In the mid-1800s, a guy named Algernon Sidney Bicknell started a group called the Society for the Propagation of Horse Flesh as an Article of Food. The name should leave little doubt as to what their goal was. In 1868, Bicknell and the Society hosted a banquet at a London hotel where 150 guests were served horse soups, horse sausages, horse steaks, horse roasts, and almost anything else the cooks could think to make from horse. Not long after that, Bicknell released his manifesto, Hippophagy: the Horse as Food for Man, and outlined what he saw as horse meat’s economic, cultural, nutritional and gastronomical benefits.

Bicknell and his horse sausages probably couldn’t have come on to the scene at a more perfect time. According to historian Chris Otter, in a paper on Bicknell’s “dietary revolution,” England was in the throes of a meat famine. Demand was rising, and so were prices, but the domestic supply couldn’t keep up and the international supply chains were weakened by breakouts of livestock disease in mainland Europe, and primitive refrigeration technology. If you wanted meat, Bicknell reasoned, horse was about to become the best, and maybe only, game in town.

Still, Bicknell’s crusade pretty much crashed and burned. Butchers didn’t get on board with selling horse and the people didn’t get on board with eating it. Across the English Channel, though, things shook out a little differently.

Cheval Délicieuse

Just a few years before Bicknell’s banquet, an old ban on consuming horse meat was lifted in France, and French scientists started their own hippophagy movement. The anatomist Isidore Geoffroy Saint-Hilaire and veterinarian Emile Decroix made many arguments for horse consumption that echoed Bicknell: horse meat was healthy and French meat consumption was too low, it was moral to not let animals die in vain and economically sound to use what meat was available.

Their arguments began getting press in the country’s science and medical journals and then in the mainstream newspapers, gaining support among social reformers as a cheap way of feeding France’s urban poor. With all the attention, backlash soon followed. Some Catholics objected based on a religious taboo and an old Papal decree against horse consumption.

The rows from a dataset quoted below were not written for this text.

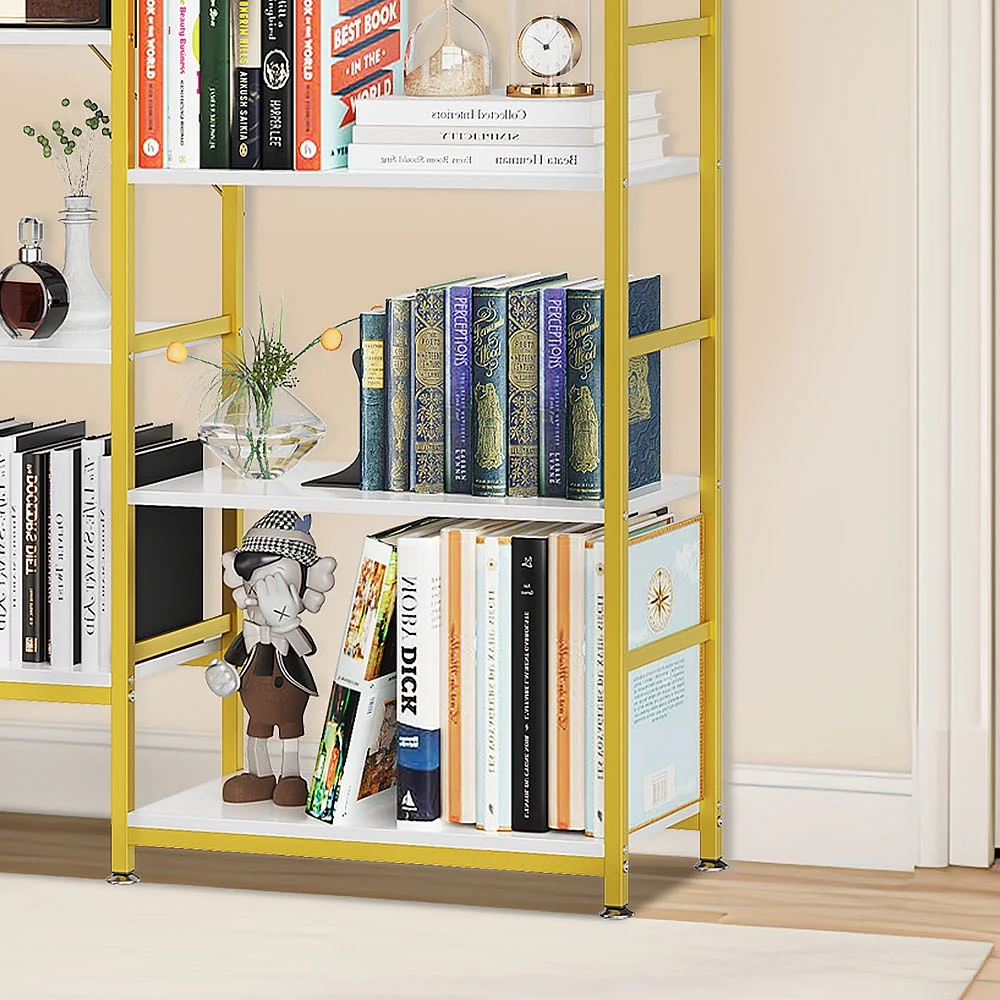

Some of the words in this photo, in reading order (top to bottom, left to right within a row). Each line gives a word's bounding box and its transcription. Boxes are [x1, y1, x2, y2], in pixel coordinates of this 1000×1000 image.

[178, 6, 186, 36] Beauty
[334, 19, 362, 50] BEST
[364, 1, 398, 38] BOOK
[146, 39, 156, 79] WORLD
[239, 38, 248, 64] HILLS
[304, 39, 312, 80] WORLD
[351, 60, 361, 76] IN
[364, 50, 380, 69] THE
[240, 71, 248, 107] ANKUSH
[240, 110, 248, 140] SAIKIA
[270, 100, 282, 130] HARPER
[270, 131, 282, 148] LEE
[454, 298, 467, 366] PERCEPTIONS
[549, 300, 562, 369] PERCEPTIONS
[401, 576, 418, 640] MOBY
[401, 646, 418, 715] DICK
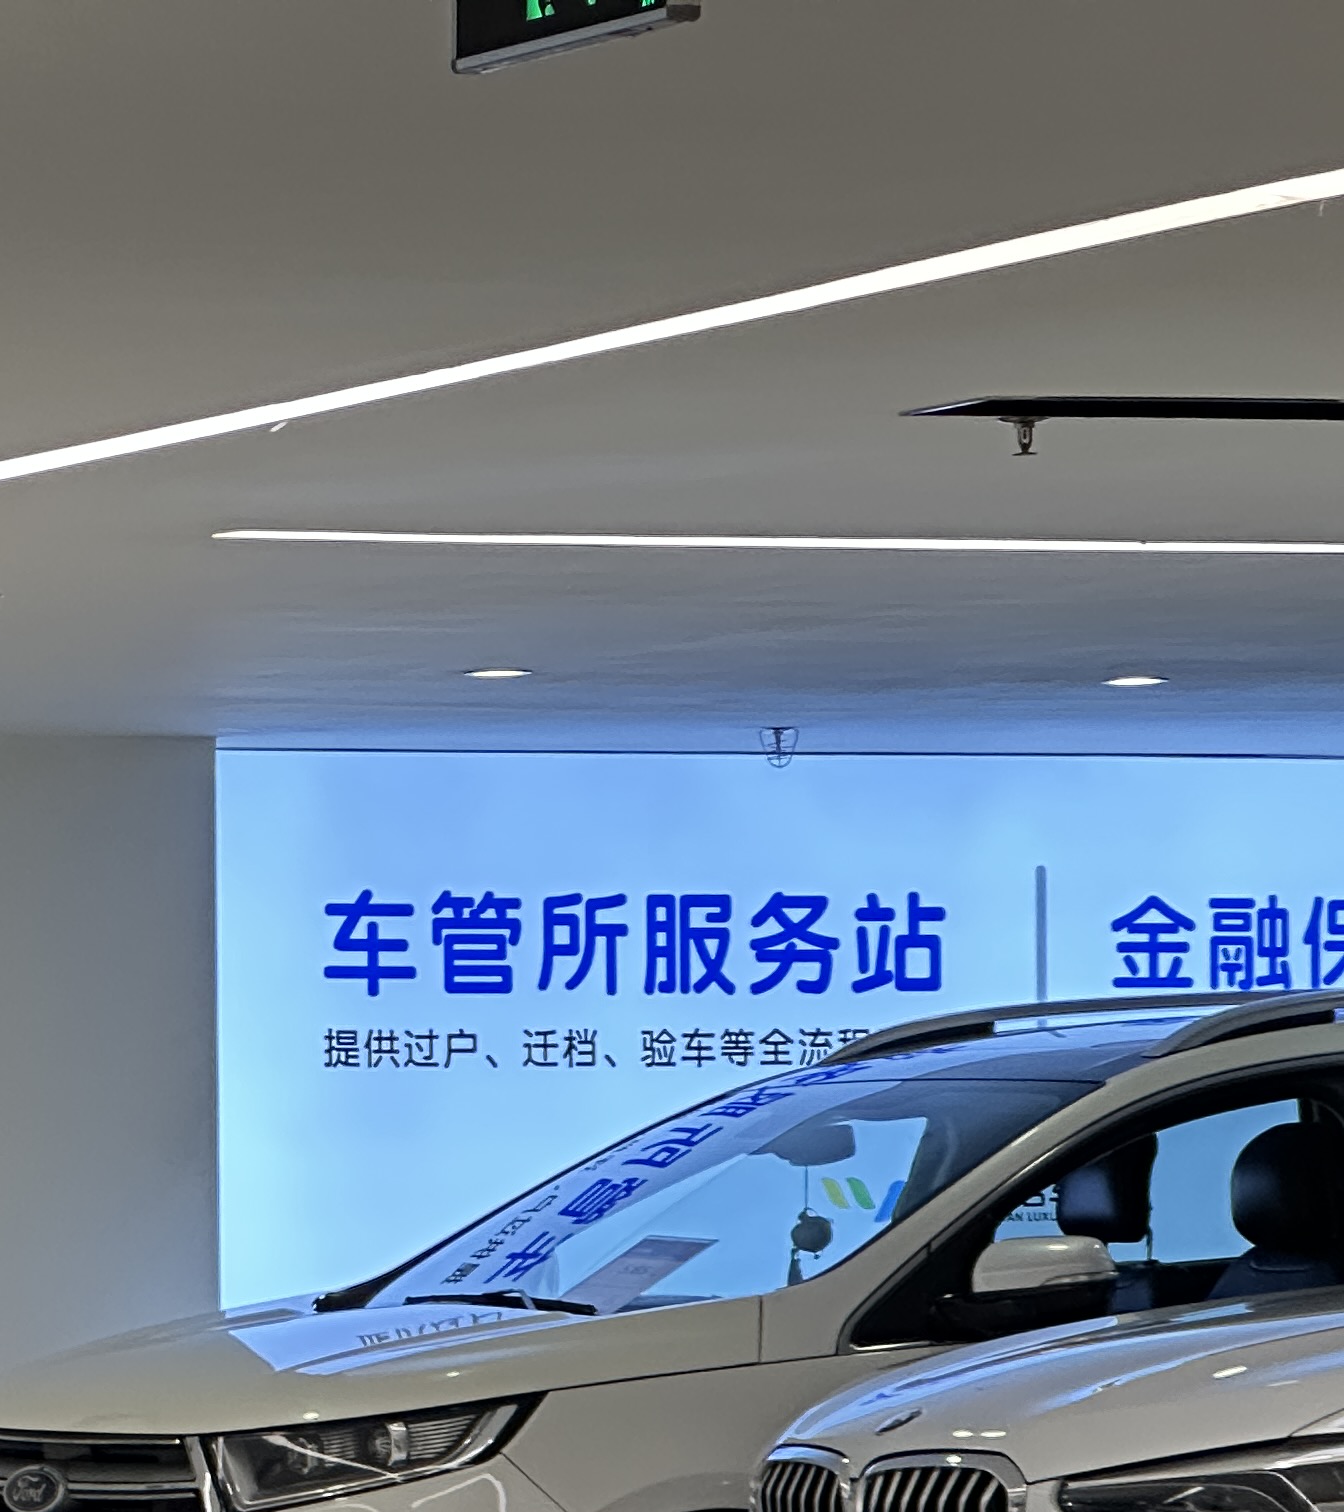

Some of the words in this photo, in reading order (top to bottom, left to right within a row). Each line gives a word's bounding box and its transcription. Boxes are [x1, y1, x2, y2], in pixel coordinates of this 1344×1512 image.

Others made the “slippery slope” argument that if horse meat caught on, the French would soon be eating dogs, rats, and any other animal they could get their hands on.

Despite the opposition, the sale of horse meat was legalized by the summer of 1866 and a horse meat stall was authorized in a Paris market. Within a few years, there were 23 horse butcher shops in the city alone, and business was brisk. In 1874, the economist Armand Husson suggested that this horse meat boom relied on a few factors: the high price of other meats, the falling threshold of disgust with horse and the support of scientific expertise.

Back in Britain...

Bicknell had some of that going for him in England—he touted horse meat’s cost effectiveness, and backed up his nutritional claims with scientific evidence—but just couldn’t gain a foothold. Decroix even offered 1100 francs and a medal to whoever could open the first horse butchery stall in London, and the prize was never claimed. Just a decade later, all the effort would be unnecessary. The birth of refrigerated ships made it easier to import “regular” meats to the British Isles, and turning to horses no longer had to be contemplated.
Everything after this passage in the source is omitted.